“I don’t think,” observed Wagstaffe, since Kemp had apparently concluded his philippic, “that young girls are the only people who lose their heads. Consider all the poisonous young blighters that one sees about town just now. Their uplift is enormous, and their manners in public horrid; and they hardly know enough about their new job to stand at attention when they hear ‘God Save the King.’ In fact, they deserve to be nursed by your little friends, Bobby!”
“They are all that you say,” conceded Kemp. “But after all, they do have a fairly stiff time of it on duty, and they are going to have a much stiffer time later on. And they are not going to back out when the romance of the new uniform wears off, remember. Now these girls will play the angel-of-mercy game for a week or two, and then jack up and confine their efforts to getting hold of a wounded officer and taking him to the theatre. It is dernier cri to take a wounded officer about with you at present. Wounded officers have quite superseded Pekinese, I am told.”
“Women certainly are the most extraordinary creatures,” mused Ayling, a platoon commander of “B.” “In private life I am a beak at a public school—”
“What school?” inquired several voices. Ayling gave the name, found that there were two of the school’s old boys present, and continued—
“Just as I was leaving to join this battalion, the Head received a letter from a boy’s mother intimating that she was obliged to withdraw her son, as he had received a commission in the army for the duration of the war. She wanted to know if the Head would keep her son’s place open for him until he came back! What do you think of that?”

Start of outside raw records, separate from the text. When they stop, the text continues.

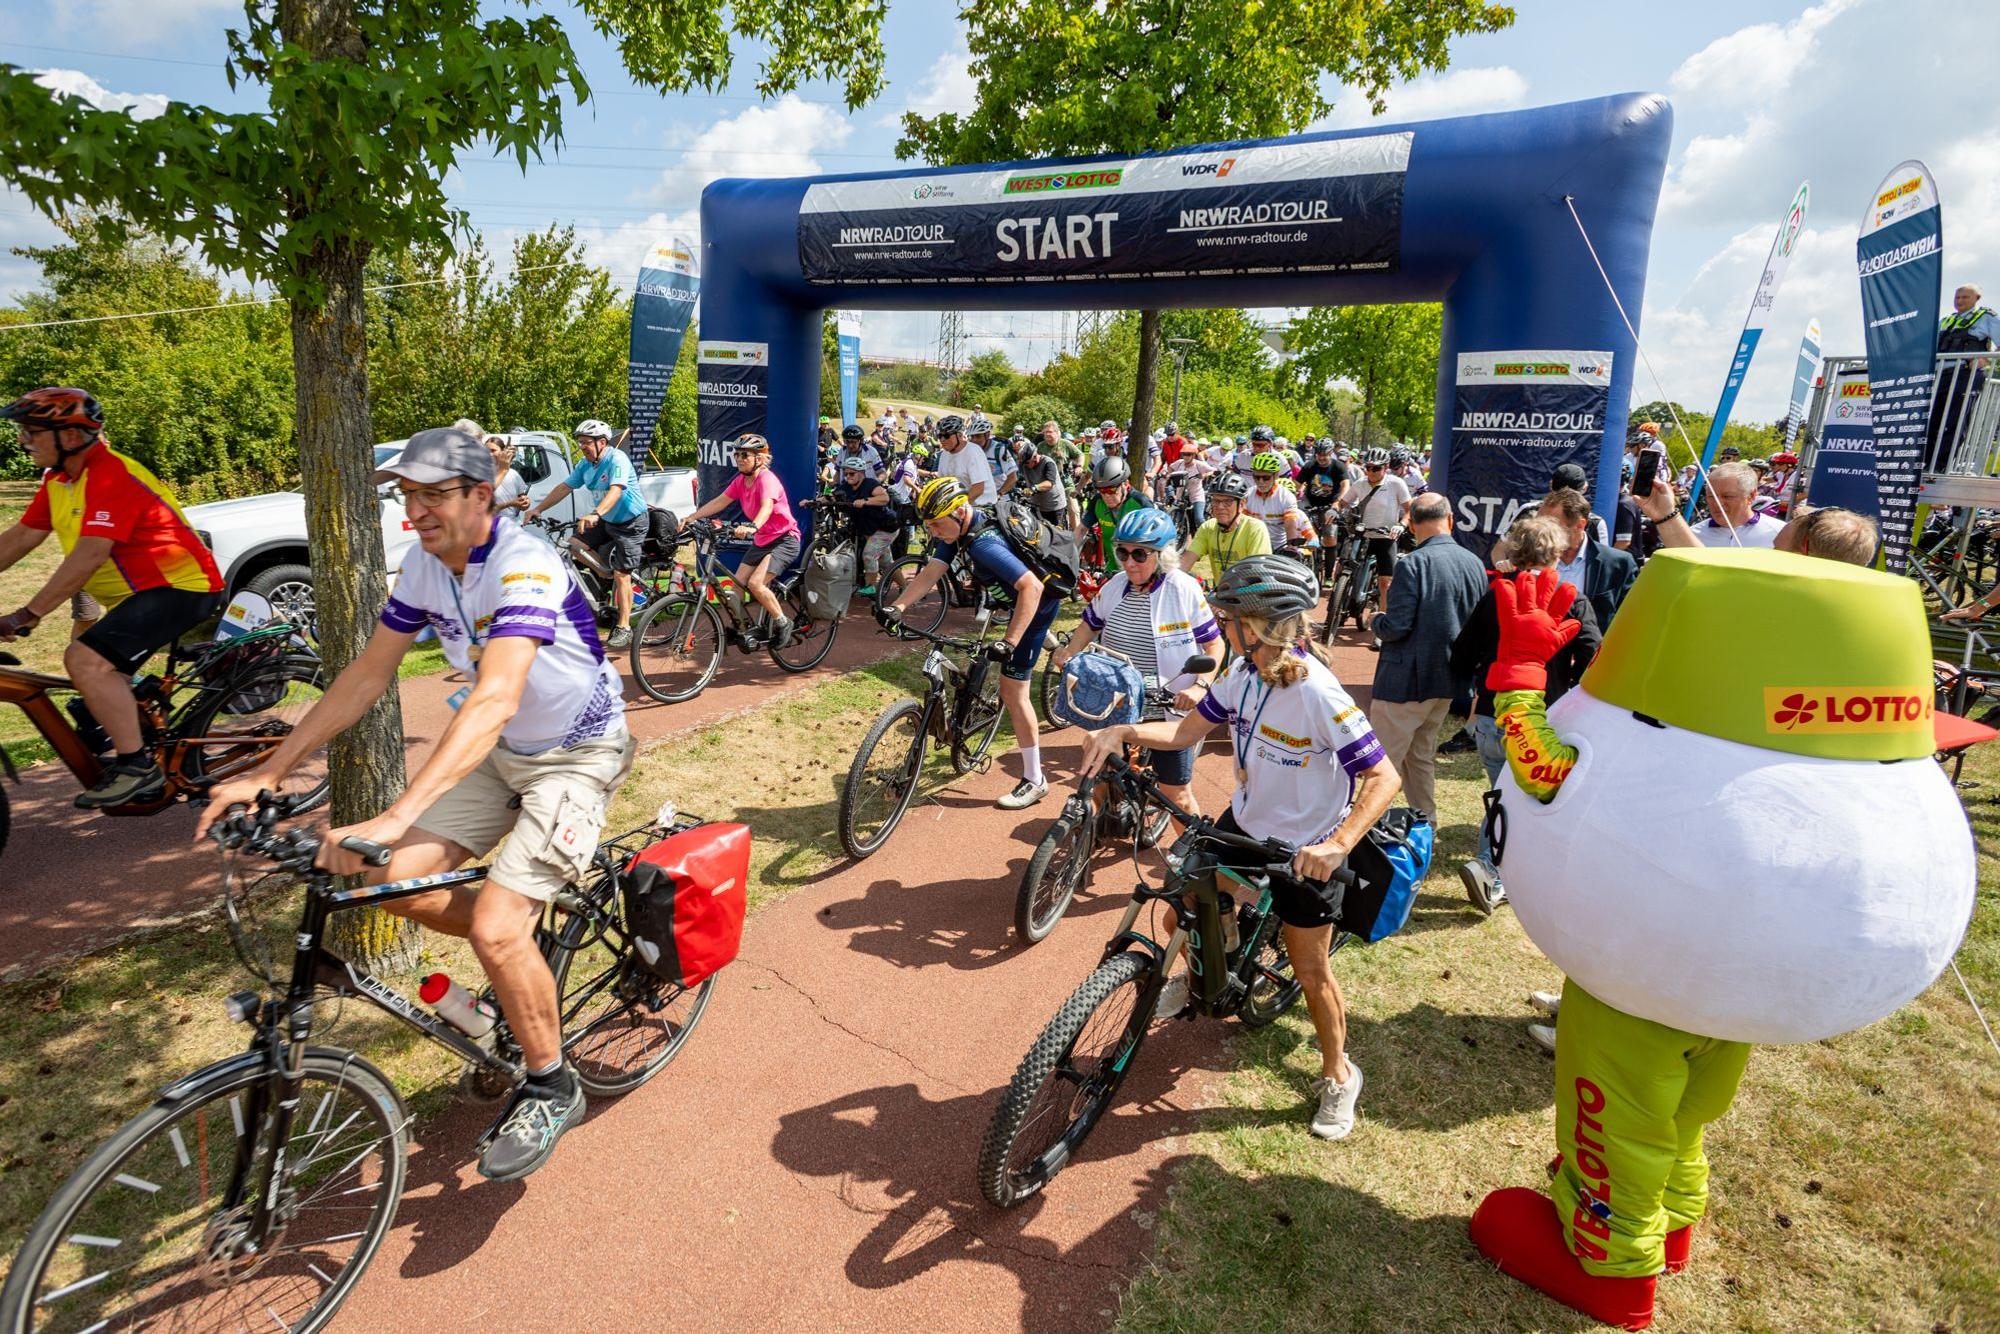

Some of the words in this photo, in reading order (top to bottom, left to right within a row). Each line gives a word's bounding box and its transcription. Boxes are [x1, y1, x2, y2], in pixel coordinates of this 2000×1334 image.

[1182, 164, 1218, 176] WDR
[1009, 177, 1052, 191] WEST
[1066, 173, 1120, 187] LOTTO
[1180, 200, 1328, 228] NRWRADTOUR
[840, 225, 944, 244] NRWRADTOUR
[996, 212, 1118, 262] START
[1197, 231, 1308, 247] www.nrw-radtour.de
[854, 249, 932, 260] www.nrw-radtour.de
[1496, 365, 1524, 374] WEST
[1578, 366, 1597, 374] WDR
[1842, 385, 1871, 396] WES
[1461, 412, 1594, 430] NRWRADTOUR
[1472, 436, 1576, 448] www.nrw-radtour.de
[698, 439, 738, 467] STAR
[1826, 696, 1922, 722] LOTTO
[1575, 1076, 1611, 1204] LOTTO

“Sense of proportion wasn’t invented when women were made,” commented Kemp. “But we are wandering from the subject, which is: what advantages are we, personally, deriving from the war? Wagger, what are you getting out of it?”
“Half-a-crown a day extra pay as Assistant Adjutant,” replied Wagstaffe laconically. “Ainslie, wake up and tell us what the war has done for you, since you abandoned the Stock Exchange and took to foot-slogging.”
“Certainly,” replied Ainslie. “A year ago I spent my days trying to digest my food, tind my nights trying to sleep. I was not at all successful in either enterprise. I can now sit down to a supper of roast pork and bottled stout, go to bed directly afterwards, sleep all night, and wake up in the morning without thinking unkind things of anybody—not even my relations-in-law! Bless the Kaiser, say I! Borrodaile, what about you? Any complaints?”
“Thank you,” replied Borrodaile’s dry voice; “there are no complaints. In civil life I am what is known as a ‘prospective candidate.’ For several years I have been exercising this, the only, method of advertising permitted to a barrister, by nursing a constituency. That is, I go down to the country once a week, and there reduce myself to speechlessness soliciting the votes of the people who put my opponent in twenty years ago, and will keep him in by a two thousand majority as long as he cares to stand. I have been at it five years, but so far the old gentleman has never so much as betrayed any knowledge of my existence.”